UN Global Pulse, an initiative of the United Nations launched in 2009, is an example of the potential of economic development in an increasingly-connected world. Global Pulse uses digital data sources and real-time analytics technologies to better protect the world from socioeconomic shocks, including hunger, poverty, and disease. According to its website, “The overarching objective of Global Pulse is to mainstream the use of data mining and real-time data analytics into development organizations and communities of practice.”
Global Pulse mines data from Twitter, Facebook, birth announcements, job postings, mobile banking, online searches, satellite imagery, and user-generated maps to inform policy. For example, the Jakarta Pulse Lab searches Twitter for key words that anticipate food crises, as sudden increases in the price of staple foods (like rice) can push families below the poverty line and cause regional economic instability. With this real-time information, policymakers can anticipate shocks and immediately provide support to regions in need. Similarly, the Billion Prices Project at the Massachusetts Institute of Technology provides real-time estimates of inflation by searching online retailers for prices on a range of products, beating official inflation figures by several months.

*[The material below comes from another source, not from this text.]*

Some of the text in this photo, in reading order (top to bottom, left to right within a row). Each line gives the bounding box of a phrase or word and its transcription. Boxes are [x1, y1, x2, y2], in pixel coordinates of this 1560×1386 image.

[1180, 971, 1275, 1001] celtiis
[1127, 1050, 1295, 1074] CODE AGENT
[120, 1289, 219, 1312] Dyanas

The benefits of real-time data analysis are not limited to crisis detection and policy creation, but extend to policy evaluation, as well. Policymakers can use digital data sources to evaluate behavioral change in response to policies, and then quickly adopt course correction measures, if necessary. In Japan, the Abe government assesses the impact of policies, like changes in the sales tax, by using a custom index that mines data from online searches, rather than household surveys that require months of analysis.

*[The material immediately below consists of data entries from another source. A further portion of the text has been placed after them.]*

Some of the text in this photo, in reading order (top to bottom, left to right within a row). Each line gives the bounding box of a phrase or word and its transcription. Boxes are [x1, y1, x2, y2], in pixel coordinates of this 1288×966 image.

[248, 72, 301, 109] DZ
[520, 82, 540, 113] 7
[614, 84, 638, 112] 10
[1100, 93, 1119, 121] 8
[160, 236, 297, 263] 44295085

Director Robert Kirkpatrick uses the term “agile global development” to describe the work of Global Pulse, borrowing a term from “agile methodology,” a reaction to traditional approaches to software development in the early 2000s. Traditional engineering methodologies were bureaucratic, resistant to change, and planning-oriented. In comparison, agile methodology is adaptive and people-oriented, with emphasis on efficiency, multi-expert collaboration, and frequent delivery of products. It is clear where traditional economic development models fit into this dichotomy.

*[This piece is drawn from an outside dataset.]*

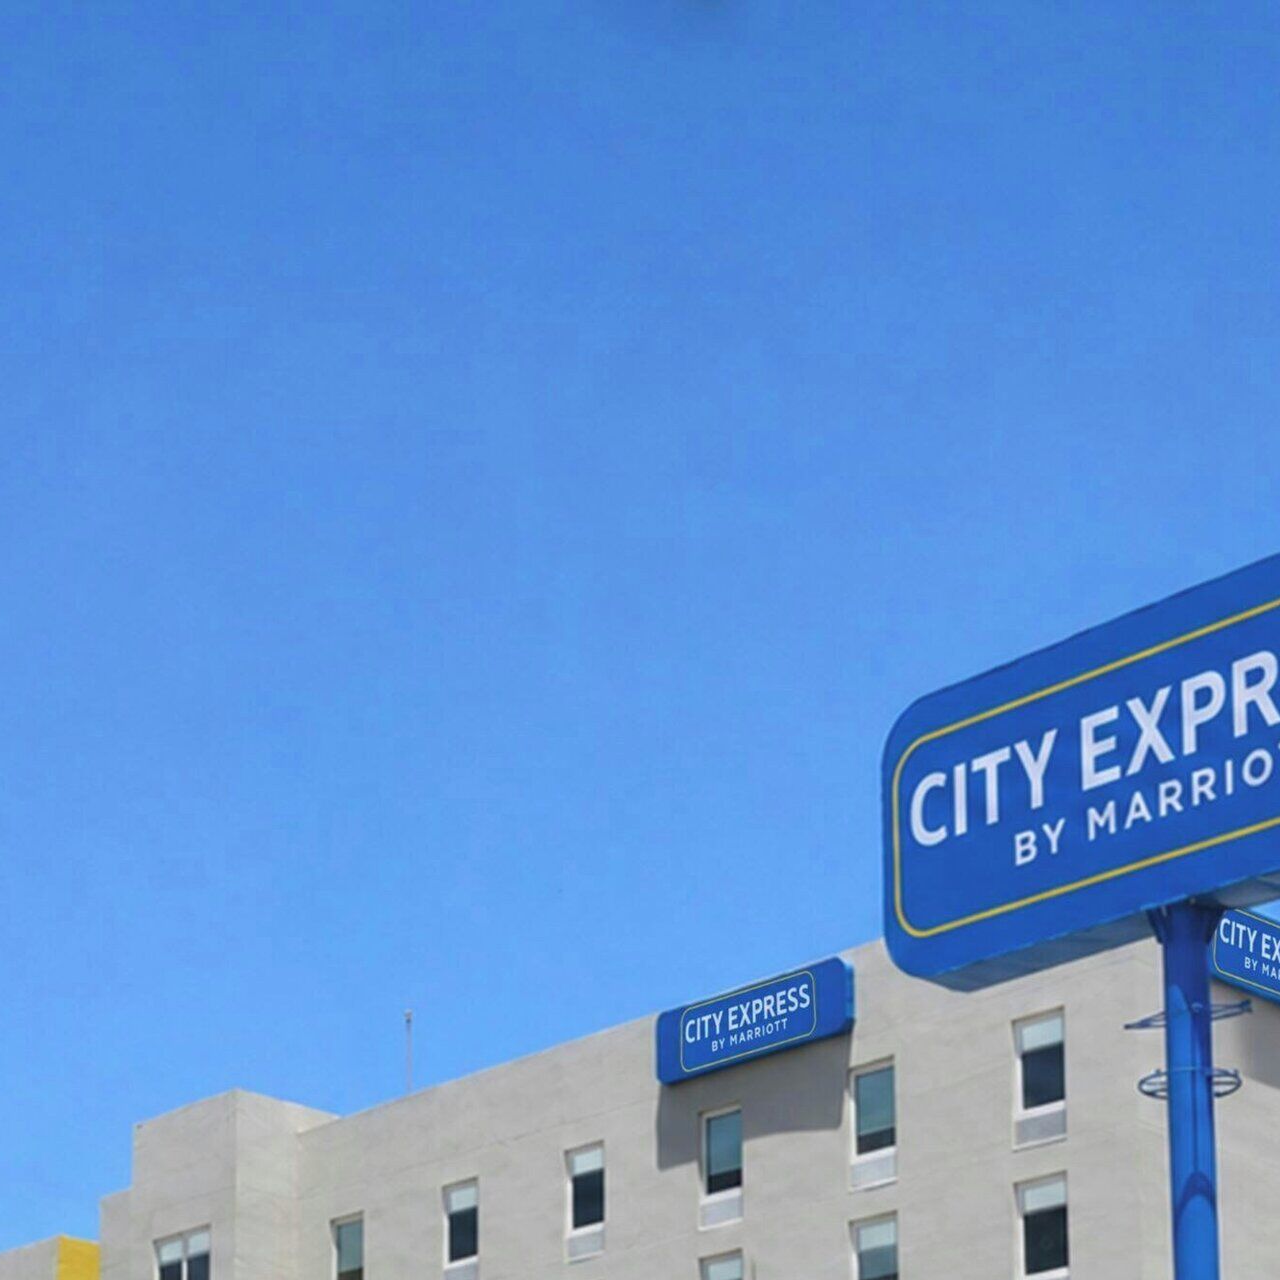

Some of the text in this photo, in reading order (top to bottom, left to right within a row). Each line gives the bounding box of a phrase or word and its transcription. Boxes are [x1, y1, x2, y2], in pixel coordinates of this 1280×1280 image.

Of course, statistical and programming skills are no replacement for the intuition that only comes from deep regional expertise, fluency in foreign languages, and hands-on experience. Sharp intuition and data analysis skills are necessary and complementary qualifications for the modern practitioner of international development. Traditional economic development models, on the other hand, are fundamentally out of touch with today’s development challenges. A continued emphasis on these models in the classroom prevents students from using their time to gain practical skills and knowledge, and may encourage them to ineffectively apply these models as professionals.
As the Millennium Development Goals conclude in 2015, academic institutions and development agencies must radically transform the way they teach and practice economic development. To design and implement an effective post-2015 development agenda, an international development practitioner must not only have a keen understanding of regional and sector challenges, but also strong data analysis skills that allow him or her to anticipate and respond to challenges as they occur in real time. Academic institutions must train this next generation of innovative, tech-savvy development practitioners. Otherwise, given the performance of economic development models over the past several decades, our likelihood of repeating past failures is almost statistically certain.
Lauren Caldwell is a second-year China Studies concentrator at SAIS. She prepared this op-ed for Neil K. Shenai’s Introduction to Economic Development course.